Copy each entry verbatim, excluding its images.

[[ EXTRACTED ENTRIES open ]]

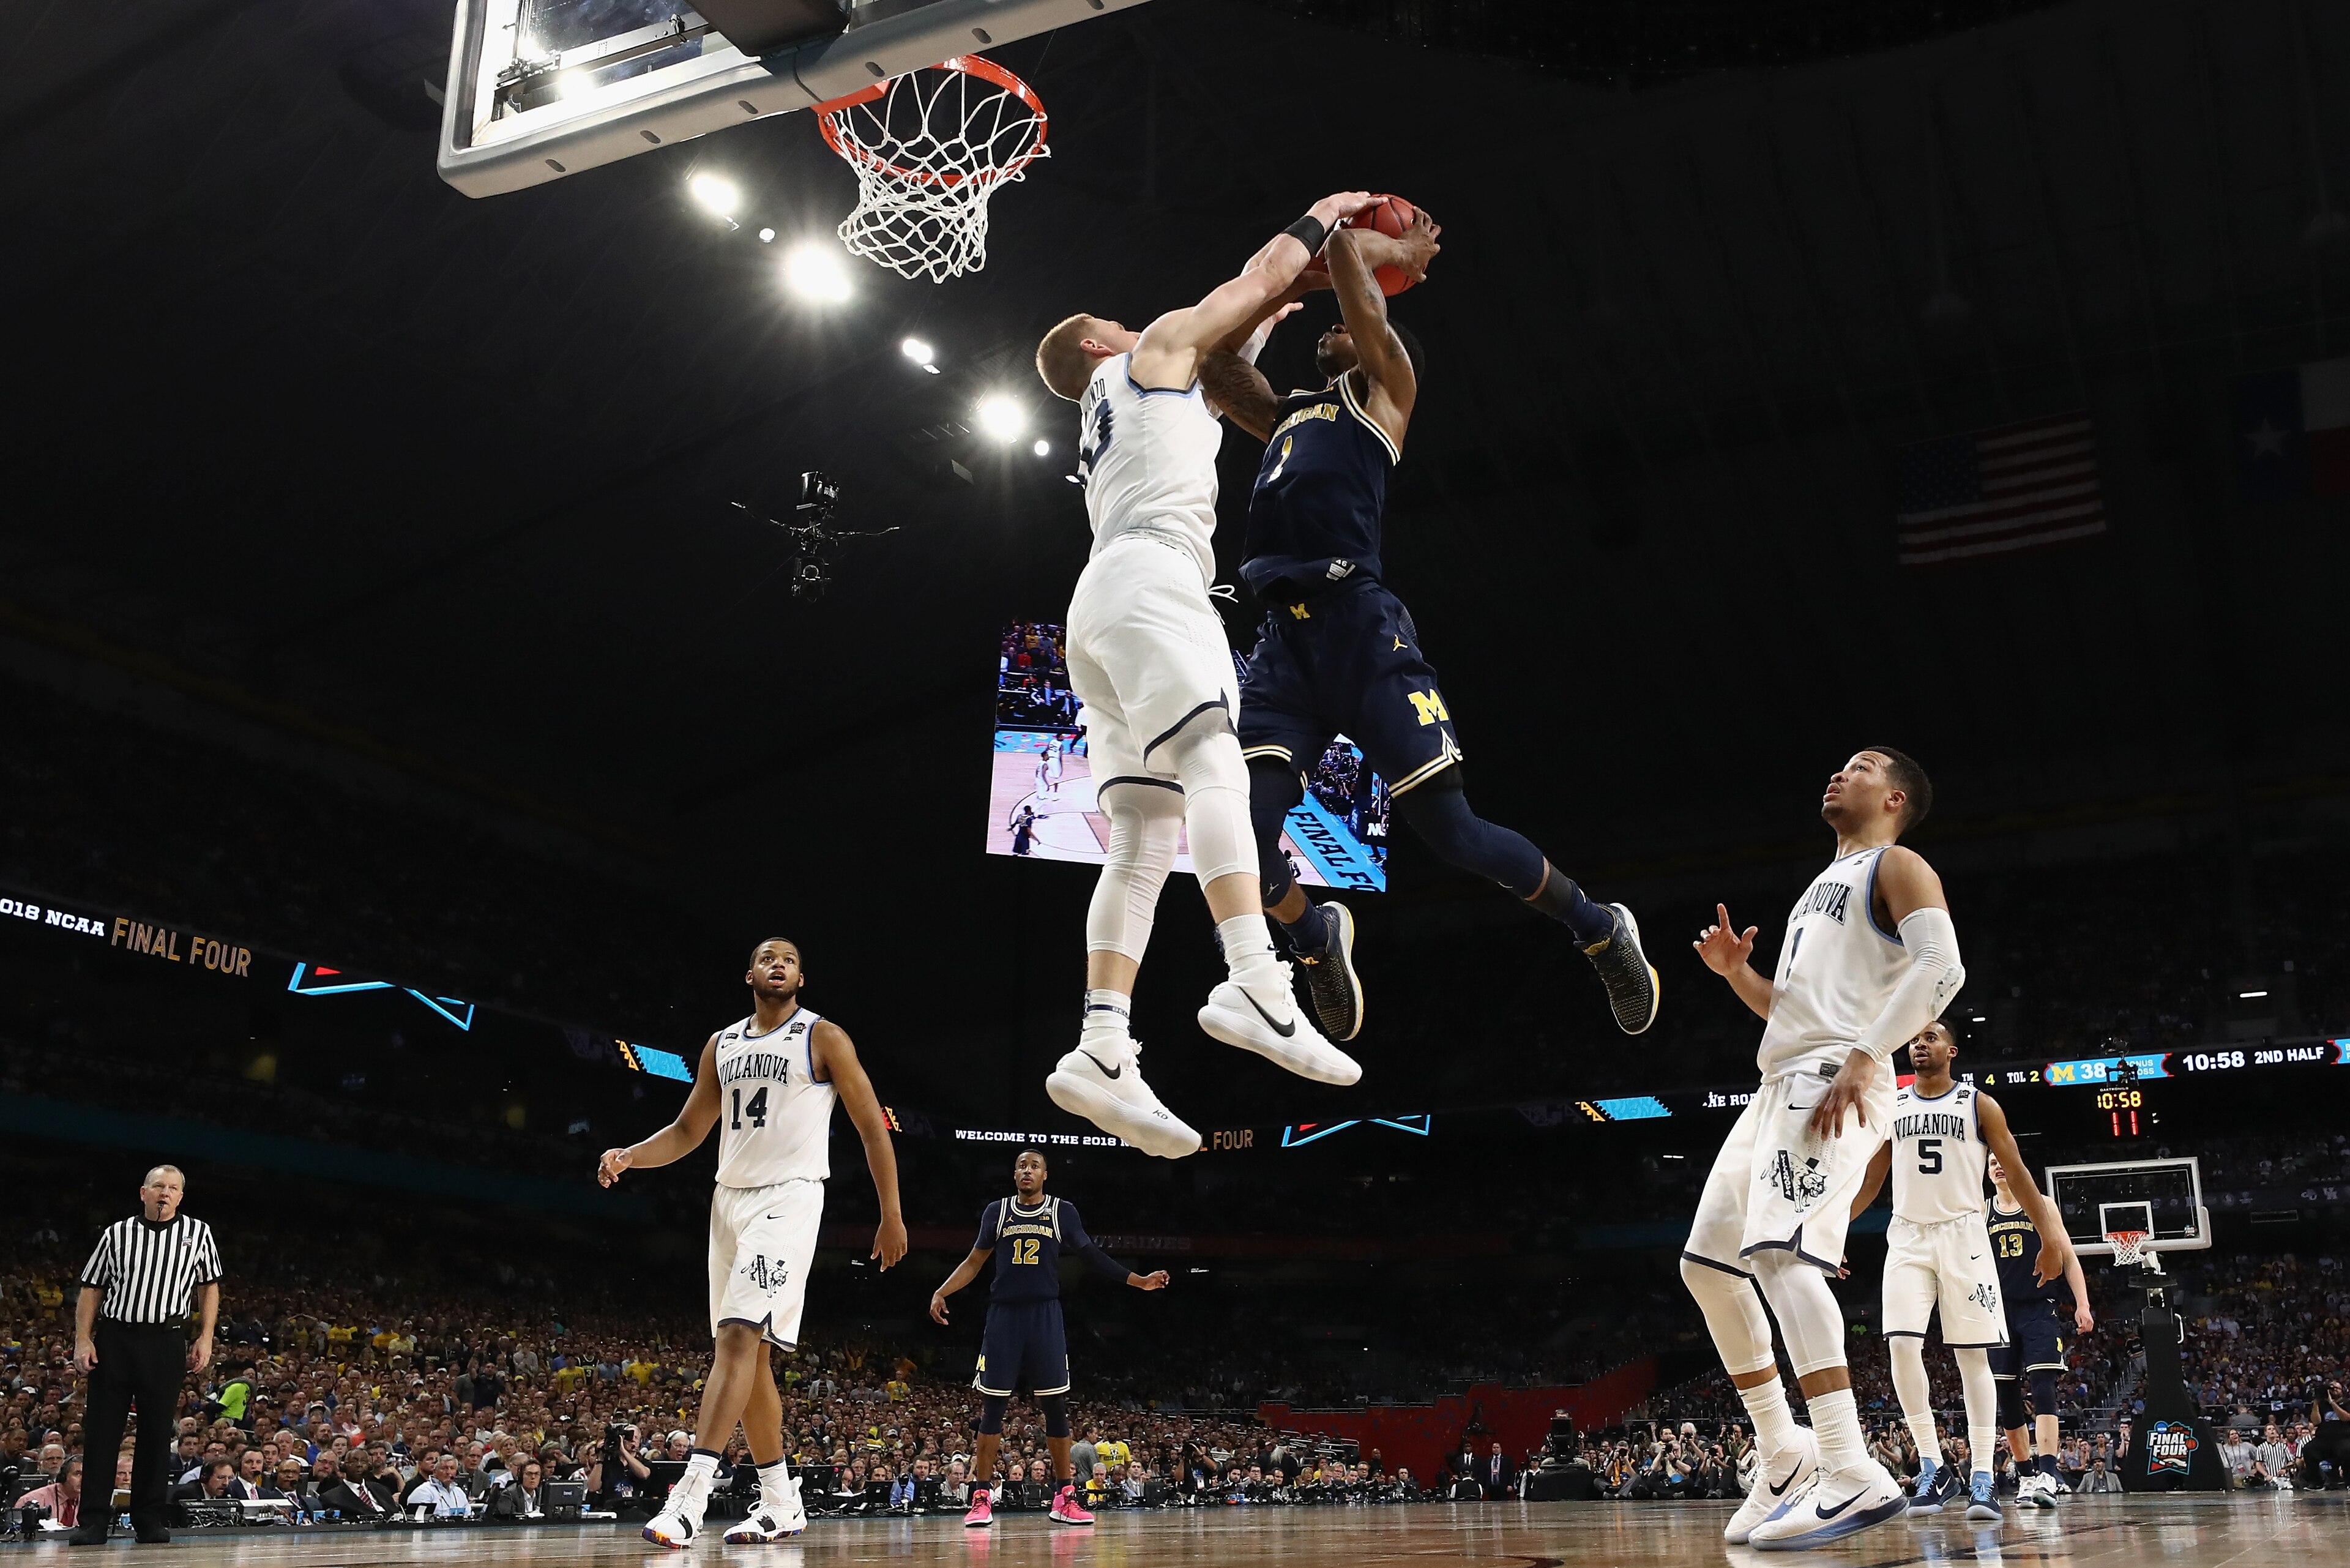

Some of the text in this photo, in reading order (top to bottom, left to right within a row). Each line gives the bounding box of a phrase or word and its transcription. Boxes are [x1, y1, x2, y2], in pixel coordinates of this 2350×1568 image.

[1407, 688, 1449, 726] M
[1288, 812, 1356, 867] FINAL
[0, 898, 252, 978] 018 NCAA FINAL FOUR
[720, 1053, 790, 1086] VILLANOVA
[2183, 1047, 2324, 1071] 10:58 2ND HALF
[1985, 1074, 1995, 1085] 4
[2007, 1072, 2026, 1083] TOL
[2029, 1070, 2040, 1082] 2
[2051, 1064, 2075, 1083] M
[2081, 1062, 2106, 1079] 38
[731, 1087, 767, 1130] 14
[2097, 1091, 2141, 1109] 10:58
[955, 1130, 1025, 1142] WELCOME
[1029, 1134, 1047, 1143] TO
[1051, 1135, 1079, 1144] THE
[1083, 1136, 1116, 1146] 2018
[1213, 1129, 1254, 1151] FOUR
[1894, 1113, 1966, 1143] VILLANOVA
[1918, 1139, 1942, 1174] 5
[1002, 1223, 1053, 1239] MICHIGAN
[1012, 1238, 1040, 1264] 12
[1999, 1233, 2023, 1258] 13
[2149, 1432, 2185, 1446] FINAL
[2153, 1444, 2188, 1457] FOUR
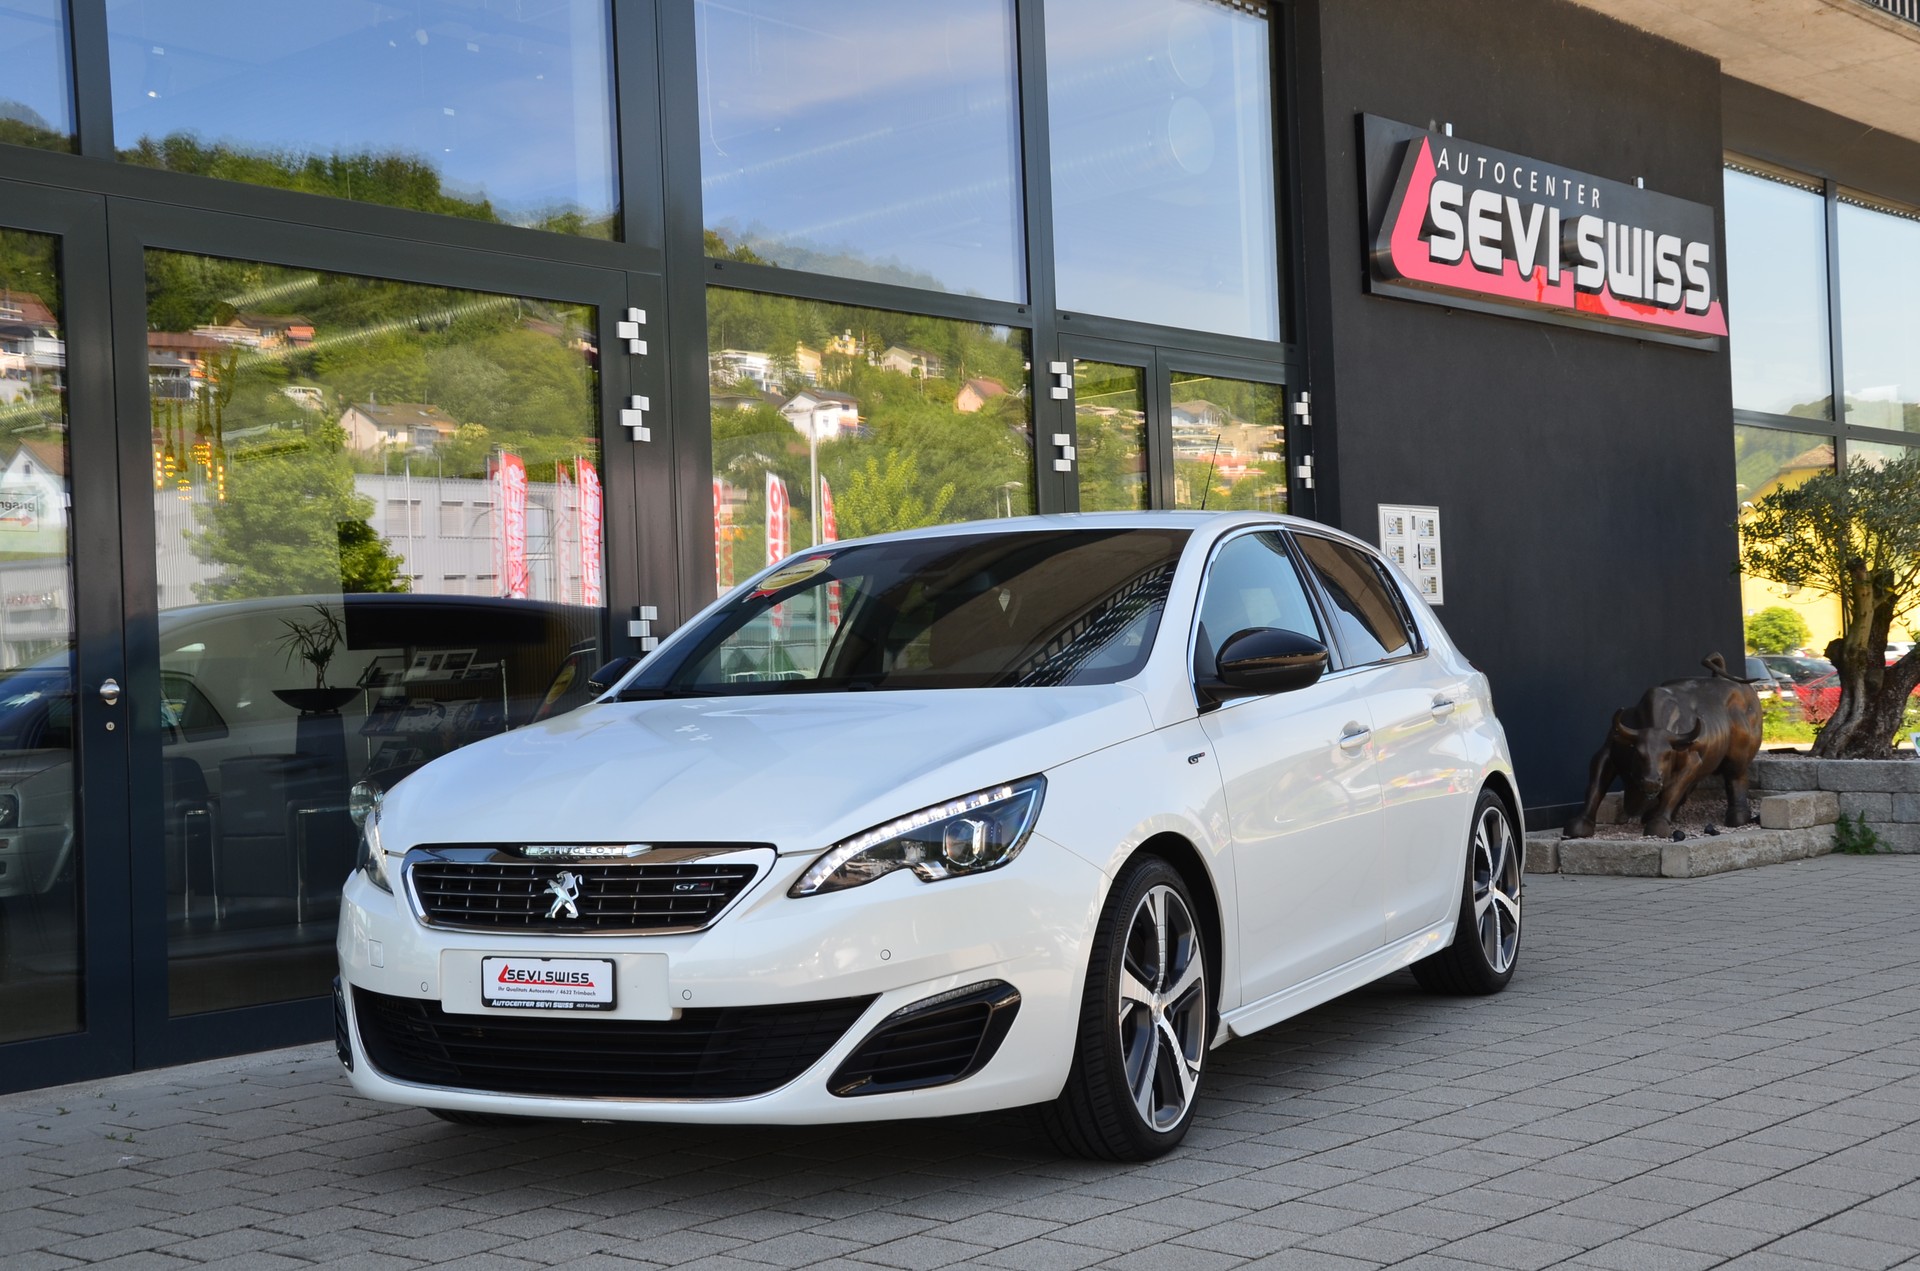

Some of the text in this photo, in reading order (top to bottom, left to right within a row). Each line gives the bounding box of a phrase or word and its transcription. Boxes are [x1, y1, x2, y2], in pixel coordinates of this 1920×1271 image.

[1437, 147, 1601, 210] AUTOCENTER
[1429, 179, 1711, 311] SEVI SWISS
[538, 846, 616, 855] PEUGEOT
[675, 883, 699, 891] GT
[507, 969, 589, 984] SEVI SWISS
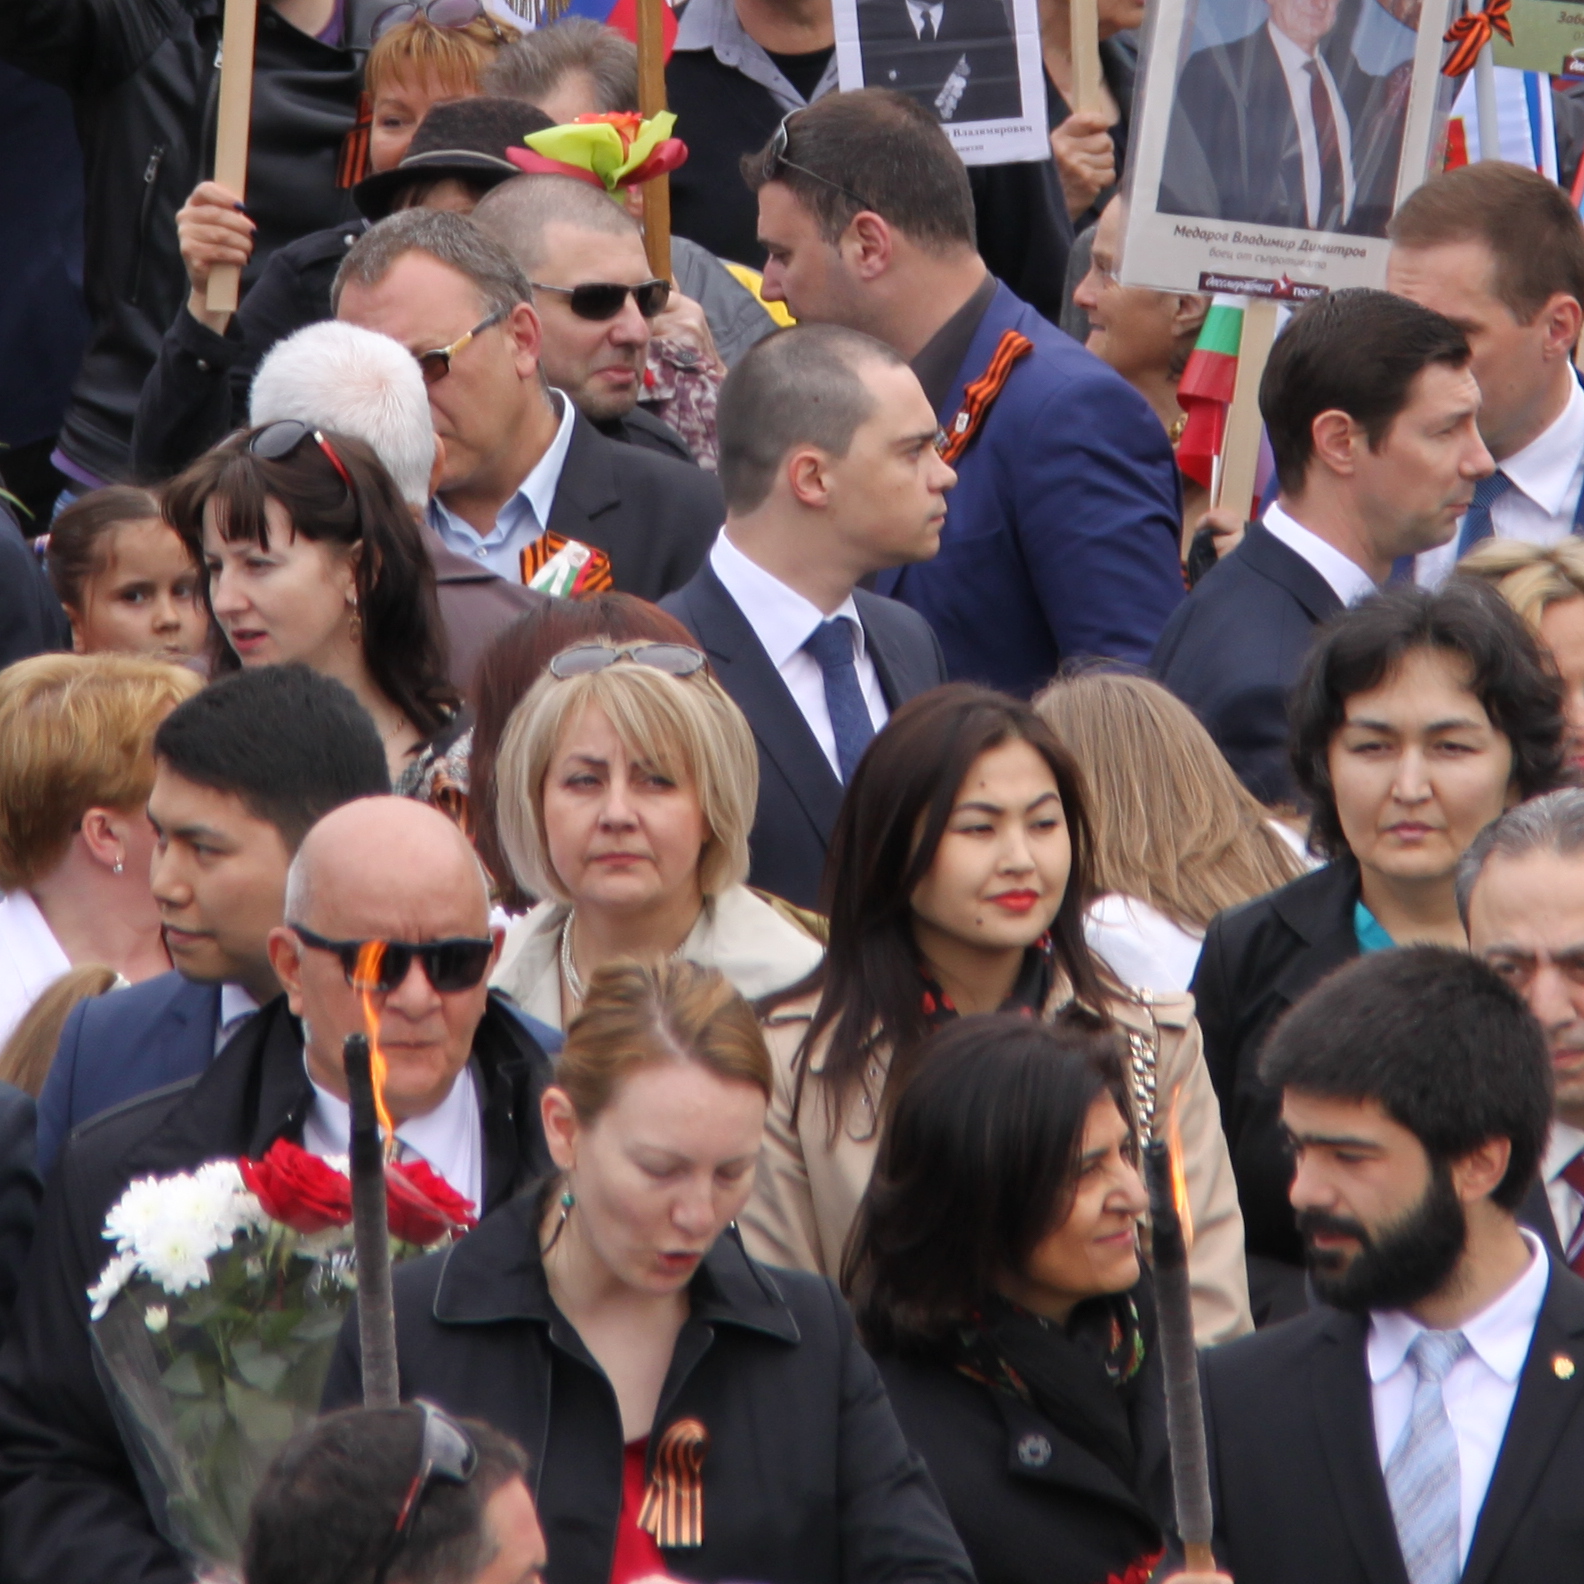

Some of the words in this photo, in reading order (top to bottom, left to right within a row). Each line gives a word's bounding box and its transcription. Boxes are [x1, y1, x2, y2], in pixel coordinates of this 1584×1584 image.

[[ EXTRACTED ENTRIES closed ]]

● **TASK RESPONSE**:
Some of the text in this photo, in reading order (top to bottom, left to right within a row). Each line gives the bounding box of a phrase or word and its transcription. Boxes are [x1, y1, x2, y2], in pixel coordinates of this 2350×1568 image.

[1407, 688, 1449, 726] M
[1288, 812, 1356, 867] FINAL
[0, 898, 252, 978] 018 NCAA FINAL FOUR
[720, 1053, 790, 1086] VILLANOVA
[2183, 1047, 2324, 1071] 10:58 2ND HALF
[1985, 1074, 1995, 1085] 4
[2007, 1072, 2026, 1083] TOL
[2029, 1070, 2040, 1082] 2
[2051, 1064, 2075, 1083] M
[2081, 1062, 2106, 1079] 38
[731, 1087, 767, 1130] 14
[2097, 1091, 2141, 1109] 10:58
[955, 1130, 1025, 1142] WELCOME
[1029, 1134, 1047, 1143] TO
[1051, 1135, 1079, 1144] THE
[1083, 1136, 1116, 1146] 2018
[1213, 1129, 1254, 1151] FOUR
[1894, 1113, 1966, 1143] VILLANOVA
[1918, 1139, 1942, 1174] 5
[1002, 1223, 1053, 1239] MICHIGAN
[1012, 1238, 1040, 1264] 12
[1999, 1233, 2023, 1258] 13
[2149, 1432, 2185, 1446] FINAL
[2153, 1444, 2188, 1457] FOUR

Some of the text in this photo, in reading order (top to bottom, left to right within a row). Each line gives the bounding box of a phrase or word and its transcription. Boxes are [x1, y1, x2, y2], in pixel coordinates of this 1920×1271 image.

[1437, 147, 1601, 210] AUTOCENTER
[1429, 179, 1711, 311] SEVI SWISS
[538, 846, 616, 855] PEUGEOT
[675, 883, 699, 891] GT
[507, 969, 589, 984] SEVI SWISS

Some of the words in this photo, in reading order (top to bottom, left to right within a row). Each line gives a word's bounding box and its transcription. Boxes are [x1, y1, x2, y2], in pixel coordinates of this 1584×1584 image.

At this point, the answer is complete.